What sounds like a camel has in fact got four legs and may yet go a good distance. In a recent note (no. 205) I reported on Brown’s respect for the mystery of the past, even if its solutions to design problems were ones that he would never have conceived himself. If Brown had respect for the past, we should seat him in Horace Walpole’s pew with the rest of the singers, lusty for the antiquity of English gardening, and there he would find Edmund Burke as well, arguing precisely for the retention and recreation of unimproved countryside, with his concern that 18th century improvement was eradicating the ancient English countryside.
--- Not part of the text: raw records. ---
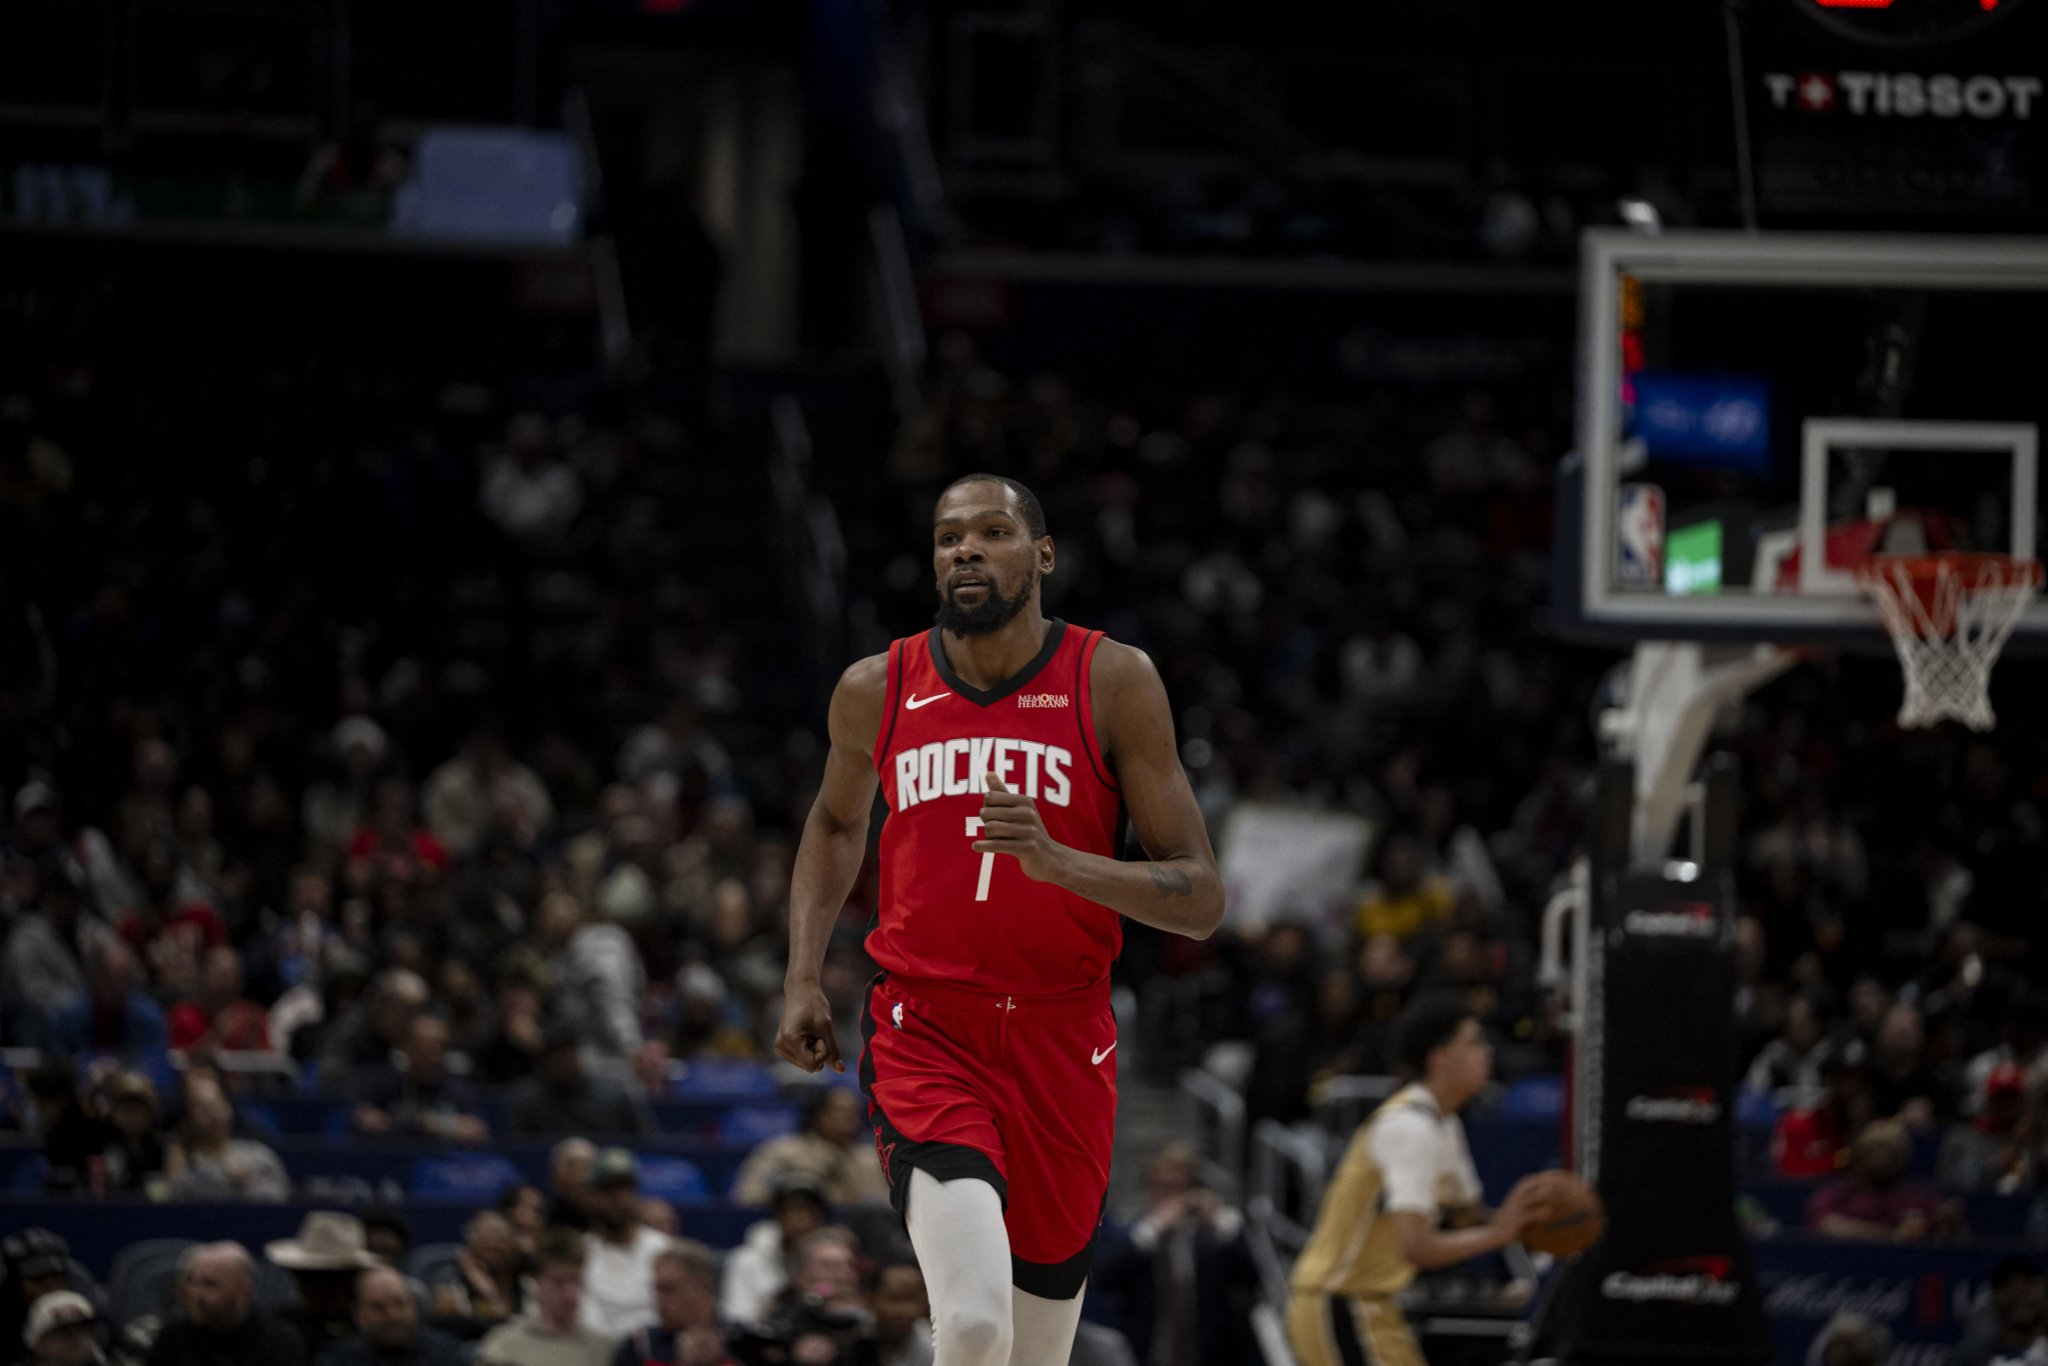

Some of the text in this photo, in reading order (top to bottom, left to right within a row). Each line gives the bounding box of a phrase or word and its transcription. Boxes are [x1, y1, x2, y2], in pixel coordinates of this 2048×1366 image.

[1836, 70, 2044, 122] TISSOT
[1017, 693, 1069, 702] MEMORIAL
[1017, 699, 1069, 709] HERMANN
[895, 737, 1073, 813] ROCKETS
[965, 816, 996, 902] 7
Burke was concerned, in politics and in the countryside around him, that all the myriad ‘little, quiet rivulets’ that had ornamented and watered the ‘unplanned’ landscape would be ‘lost in the waste expanse and boundless, barren ocean’ of cruelty, vulgarity, and ‘homicide philanthropy’. From the unplanned character of old countryside springs a connection with the past and at the same time a sense of mystery as to its origins, the same sense of mystery as Brown felt, walking in the old gardens at Wrest.

I refer my readers to Burke’s Reflections on the Revolution in France, where he wrote that ‘all the pleasing illusions … are to be dissolved by this new conquering empire of light and reason ….’ This same line of thought provided him with metaphors for his great attacks on Warren Hastings’ treatment of India.

For Burke, as later for Macauley, early English history led up to, and modern English history began with, the 17th century and the Constitutional Settlement. His argument was that the 1688 settlement had not tried to create a new system from scratch, for every political community was slowly shaped by ‘the wisdom of unlettered men’, in a permanent ‘partnership’ of the living, the dead, and the yet unborn. For Burke, who had been a leading Whig, a supporter of the American Revolution and the nemesis of the East India company a free society relied on voluntary respect for its institutions, which ‘the longer they have lasted … the more we cherish them.’  Therefore he attacked the French Revolution, therefore he was attacked in turn by younger radicals, by Coleridge, Wordsworth and Priestley, and therefore the subtle and quiet approach of the late Brown  answered to Burke’s political principles.

To stay with Burke and his Reflections, and in response to another question that explores the same area of doubt (note 223) ‘To make us love our country, our country ought to be lovely’. In short Mr HhH, one might justly regard the driving motive for Brown’s landscapes to be political as much as it was aesthetic.

Should you wish to find a contemporary link between landscape and politics (and the ill-advised consequences of making it), then may I suggest the course of Henry Tilney’s conversation with Catherine Morland in 1798, as reported by Jane Austen: ‘by an easy transition from a piece of rocky fragment and the withered oak which he had placed near its summit, to oaks in general, to forests, the inclosure of them, waste lands, crown lands and government, he shortly found himself arrived at politics, and from politics, it was an easy step to silence.’

As for blue labour, perhaps socialism might learn not to change systems that happen to work just because they are evidently irrational and should not work.